Obesity Surgery | 1997
Martin Fried; Marie Peskova; Mojmir Kasalicky
Background: Obesity has been increasing in the Czech Republic over the last 20 years. In 1983 we were one of the first surgical departments in the country which performed bariatric surgery on a regular basis. Methods: From 1983 to 1986 we performed vertical banded gastroplasty (VBG). Because of a high rate of various complications arising both from the stomach and the wound, we switched in 1986 to ‘less aggressive’ nonadjustable gastric banding (GB). In 1993 we performed the first laparoscopic nonadjustable banding, and in 1994 we started laparoscopic placement of adjustable gastric bands. Results: In the group of 52 patients who underwent VBG and were followed-up, acceptable weight loss results (−40.5 kg) were achieved in the 24 months following surgery. The postoperative complications were high; 17.3% gastric staple-line disruption and 15.3% wound complications (incisional hernias, discharge, etc.). Since 1986, we have performed nonadjustable GB in 150 patients and achieved weight loss of -38.4 kg in the 24 months following surgery.
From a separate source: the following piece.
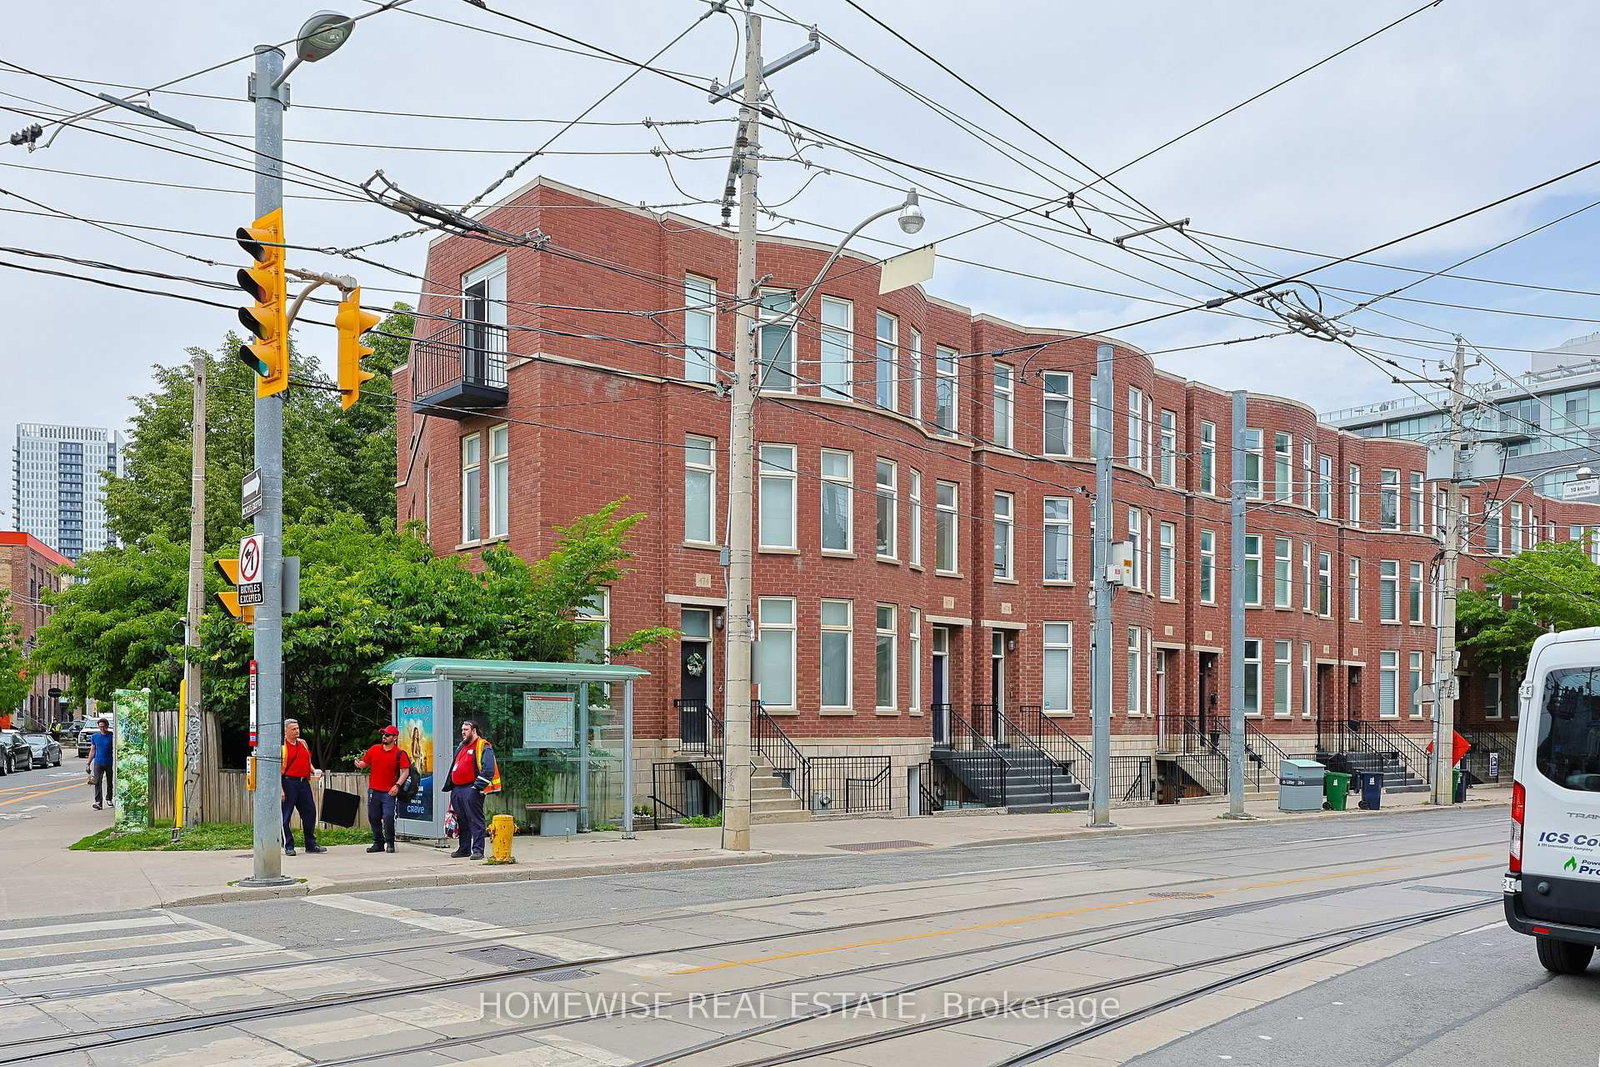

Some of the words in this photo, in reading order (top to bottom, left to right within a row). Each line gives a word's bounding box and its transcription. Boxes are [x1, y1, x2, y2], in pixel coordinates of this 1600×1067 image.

[240, 584, 261, 595] BICYCLES
[1539, 832, 1570, 844] ICS
[1573, 834, 1600, 847] Co
There was no change in the wound complication rate, but the complications arising from the stomach and the band decreased to 6.3%. Since June 1993, we have performed 268 procedures laparoscopically, either with nonadjustable bands or, since 1994, with the adjustable bands. The wound complication rate decreased to 0.9%, and one complication (6.6%) was related with the adjustable band. Conclusions: Because of the high rate of post-operative complications in our experience with VBG, we started GB in 1986. Since then the number of complications arising from the stomach has decreased substantially. With the laparoscopic technique, there was a further decrease in wound healing problems. With the adjustable GB, a significant decrease in the stomach-related complications occurred. Shorter hospital stays were possible with the laparoscopic technique. Long-term weight loss results have not been significantly different among the above mentioned procedures.